Congratulations you can read. Yes indeed diffusion means diffusion. It is not however required by the method I mentioned and that method was not mentioned in your 3 ways to diffuse.


----------



## McGizmo (Aug 9, 2010)

blasterman said:


> .......
> 
> The LED orientated Mean Wells have 10v external dimming options, and you could hook an arduino controller to them and do all kinds of unlimited goofy things.......



I am not interested in all kinds of unlimited goofy things or the complication of external controlers likely requiring additional wiring. My comment was focused on simple replacement of existing houshold A/C incandescent lamp fixtures with LED fixtures that could be powered on and off by existing simple toggle switches already in place; powered not only on and off but signaled through the same switch to come on in various power levels.


----------



## doctaq (Aug 9, 2010)

thanks guys
i am going to try a few things later on a get back to you guys
the holographic diffusing is interesting and i will look into it, even if the diffuser was only 2 inches, i still feel like that would be infinateley better than a naked led which would be very harsh on the eyes, as for the wacky dimming, i think that could be an interesting thing to play with, maybe for a lounge/ bachelor den area, maybe even with wacky colors where you dont need super bright even illumination all over the room. my room at home is full of aquariums and is super bright during the day, at night i have a red spot on the tank for night time viewing and a very dim incan (4w) on the other side of the room (soon to be replaced by one of those wacky dimmable remote led bulbs that change colors) since i dont want a bright room at night anyways as not to wake my tanks. it takes some getting used to but i wouldnt have it any other way now. 
of course this doesnt represent how a whole house should be lit. for now i am interested in single bulb retrofits running off of AC, it would be a bit of a strech for me to wire up an led driver to the wires within the wall, i dont know enough about house wiring to trust myself to this just yet. 
would holographic diffusion blend different colors? maybe allow me to mix some colored leds with white to bring color temp up or down as i please?
does anyone have any reccomendations as to where to buy some in small amounts just for testing?

thanks CPF


----------



## EZO (Aug 9, 2010)

McGizmo said:


> The images are clearly underexposed and focus on the light fixtures themselves and not what they are in place to illuminate; much like a beam shot on a white wall is exposed to give some feel for the beam itself and not the wall.

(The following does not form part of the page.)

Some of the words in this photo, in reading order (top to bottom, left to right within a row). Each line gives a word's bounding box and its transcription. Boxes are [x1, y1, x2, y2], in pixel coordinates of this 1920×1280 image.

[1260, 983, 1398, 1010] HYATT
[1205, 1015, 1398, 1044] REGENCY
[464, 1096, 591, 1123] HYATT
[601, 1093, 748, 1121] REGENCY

McGizmo, Thanks for your interesting reply. I hope you didn't mind my little critique of your photographs. I've read enough of your threads and looked at your web site enough to know you are a knowledgeable & skilled photography buff or more and I have really enjoyed your masterful underwater photography and beautiful shots with which you present your remarkable flashlights. As a guy who has been doing photography for 50 years now I know that not every image is a prize winner.

My own approach when photographing an object is to try to capture if at all possible, what the object does along with the object itself, which of course, in the case of a light fixture is to illuminate. As I've implied previously, this can get somewhat complicated, involving supplementary lighting, filtering for color correction, multiple exposures, HDR technique and other "tricks". Shooting what are essentially "snapshots" of works in progress of home installations is an entirely different kettle of fish.

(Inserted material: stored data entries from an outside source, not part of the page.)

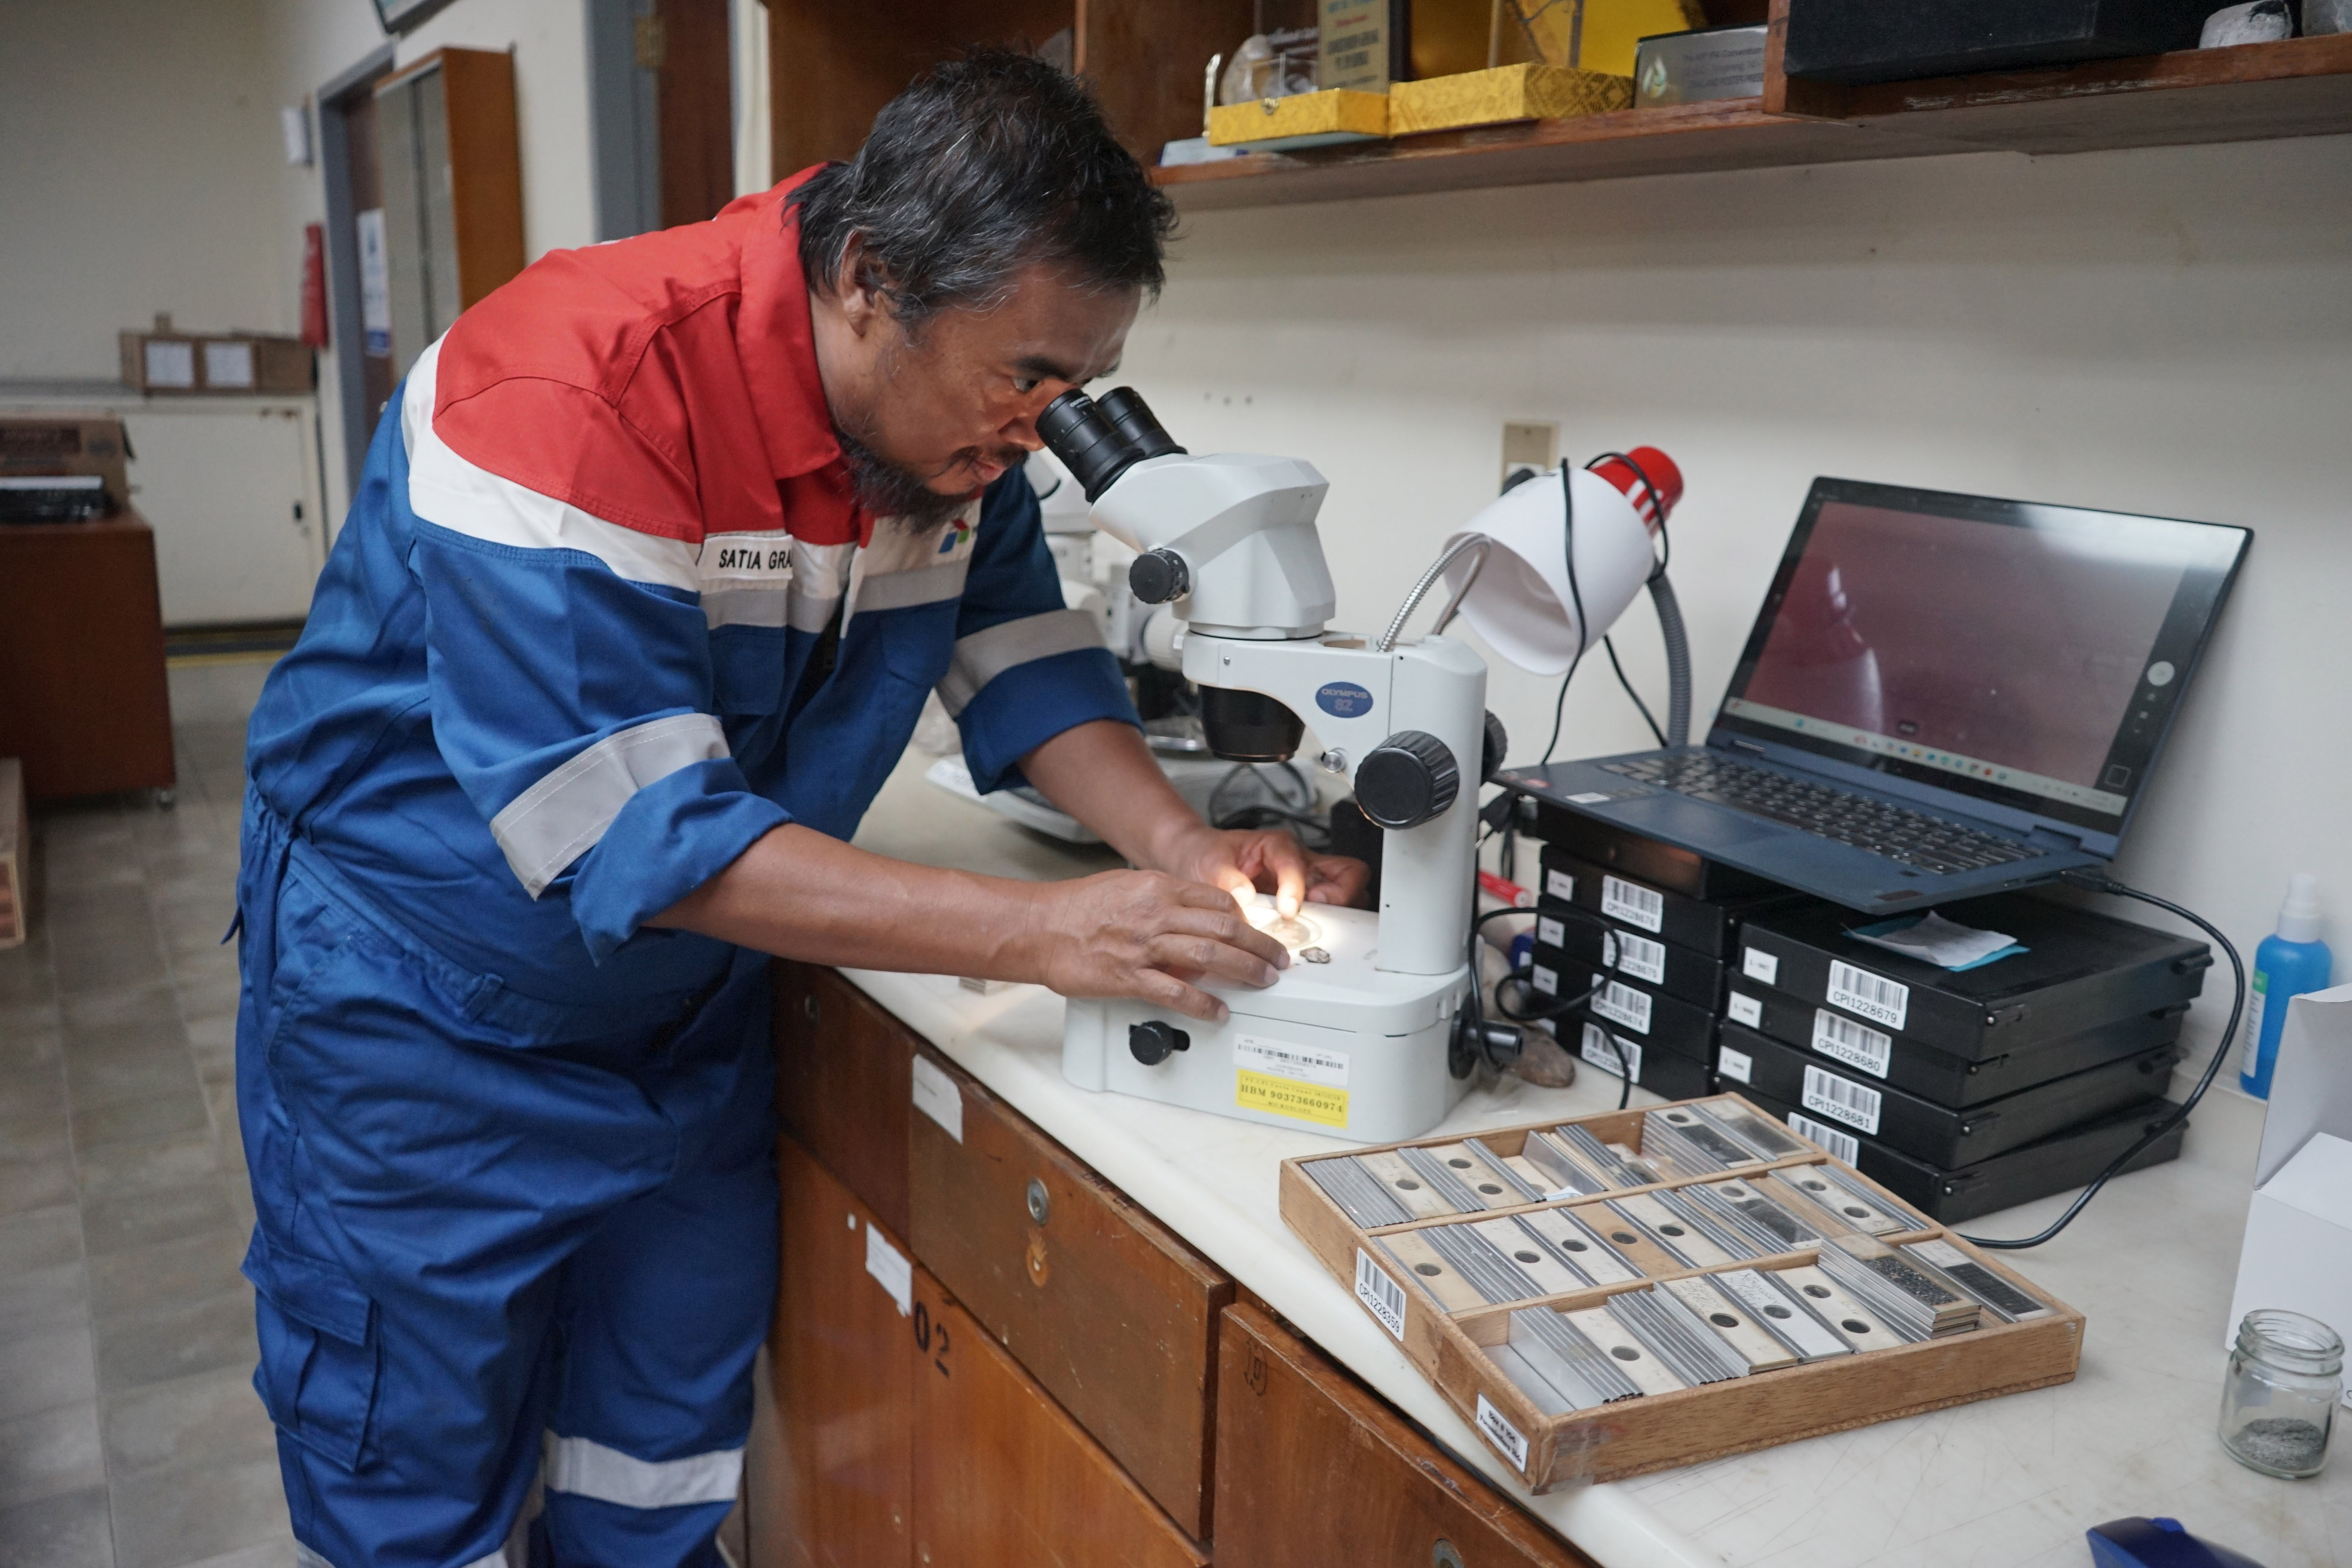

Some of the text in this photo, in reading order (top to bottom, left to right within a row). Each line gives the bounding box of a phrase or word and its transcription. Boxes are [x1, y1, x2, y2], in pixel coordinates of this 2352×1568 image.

[719, 549, 761, 569] SATIA
[1321, 688, 1368, 699] OLYMPUS
[1833, 991, 1897, 1024] CPI1228679
[1818, 1039, 1881, 1071] CPI1228680
[1241, 1084, 1266, 1097] HBM
[1270, 1091, 1343, 1112] 90373660974
[1808, 1095, 1870, 1128] CPI1228681
[1359, 1283, 1399, 1333] CPI1228359

Many years ago I studied under Norman McGrath, perhaps the premier architectural photographer working in the US today. Both his exterior and interior captures are quite remarkable but it is the interior shots under artificial and mixed lighting that are most relevant to this thread. Of course, I'm kinda' new here at CPF and I realize that I run the risk of straying too far from the original subject of this thread but after thinking about it for a bit I decided that diffusing light from an LED is ultimately about the quest to create pleasing interior lighting and McGrath's web site features some fine examples of interior lighting design as shot by a master so I include the link for anyone interested in taking a look and hope you'll indulge me.



McGizmo said:


> The primary lighting I have in living room, kitchen, bedrooms and bathrooms is not  depicted effectively at all on that web page. If it were, you would see reasonably illuminated messy rooms not worth viewing or of any interest! Not to mention embarrassing for the owner! .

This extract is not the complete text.